А что было бы? Просто еще одна европейская великая держава, возможно, и более свободная и политически прогрессивная, нежели ее соседи. Повторилось бы, другими словами, то, что произошло с Россией в конце XV века в ее Европейском столетии, которое так подробно описано в первой книге трилогии.
Разумеется, это не избавило бы страну от обычных в тогдашней Европе откатов, кризисов, политических драм и разочарований. Залогом тому служило хотя бы противоречие между конституционными проектами Муравьева и Трубецкого и «Русской правдой» Пестеля, их упорное подозрение, что он вовсе «не Вашингтон, а Буонапарте». И все-таки согласитесь, это была бы совсем другая русская история. К сожалению, однако, ей не суждено было состояться. Потенциальные отцы-основатели европейской России оказались, в отличие от отцов-основателей европейской Америки, насильственно изъяты из обращения. И началось двухвековое путешествие расколотой на непримиримые половины страны в средневековом пространстве.
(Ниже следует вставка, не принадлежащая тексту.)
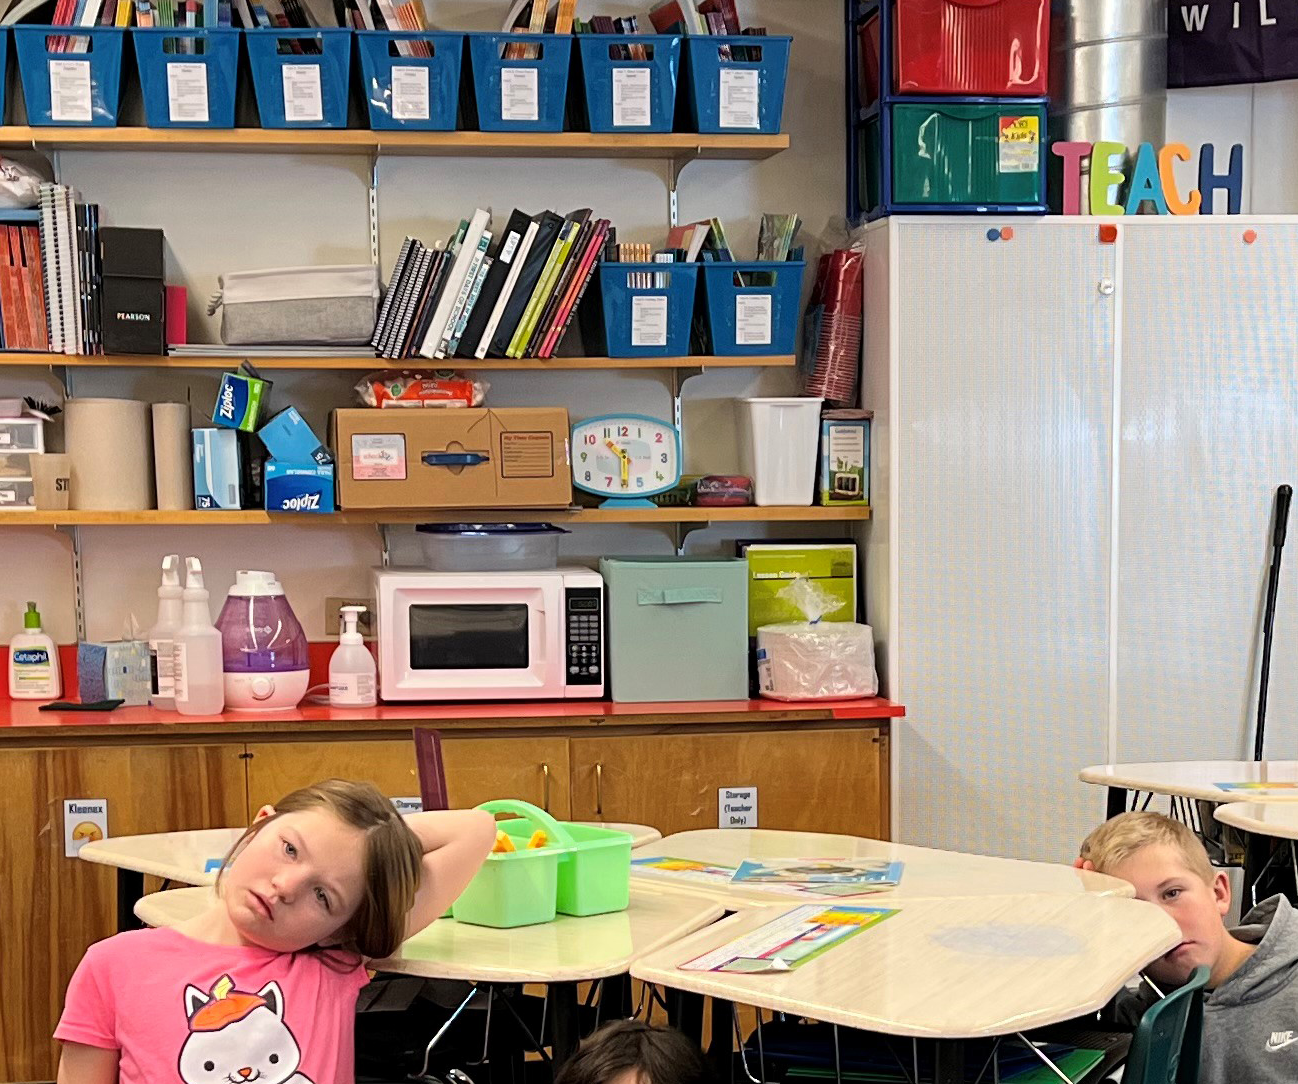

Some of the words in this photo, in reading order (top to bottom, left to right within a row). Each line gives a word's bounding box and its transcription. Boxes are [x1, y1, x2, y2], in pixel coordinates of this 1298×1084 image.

Ибо разгром декабризма был вовсе не только несчастьем для нескольких сот великосветских и офицерских семей. Это была катастрофа для великой страны: она оказалась обезглавленной, прошла, можно сказать, через клиническую смерть. Удивительно ли, что очнулась она от смертельного сна, на три десятилетия накрывшего ее жандармской шинелью Официальной Народности, с совершенно другими представлениями о патриотизме?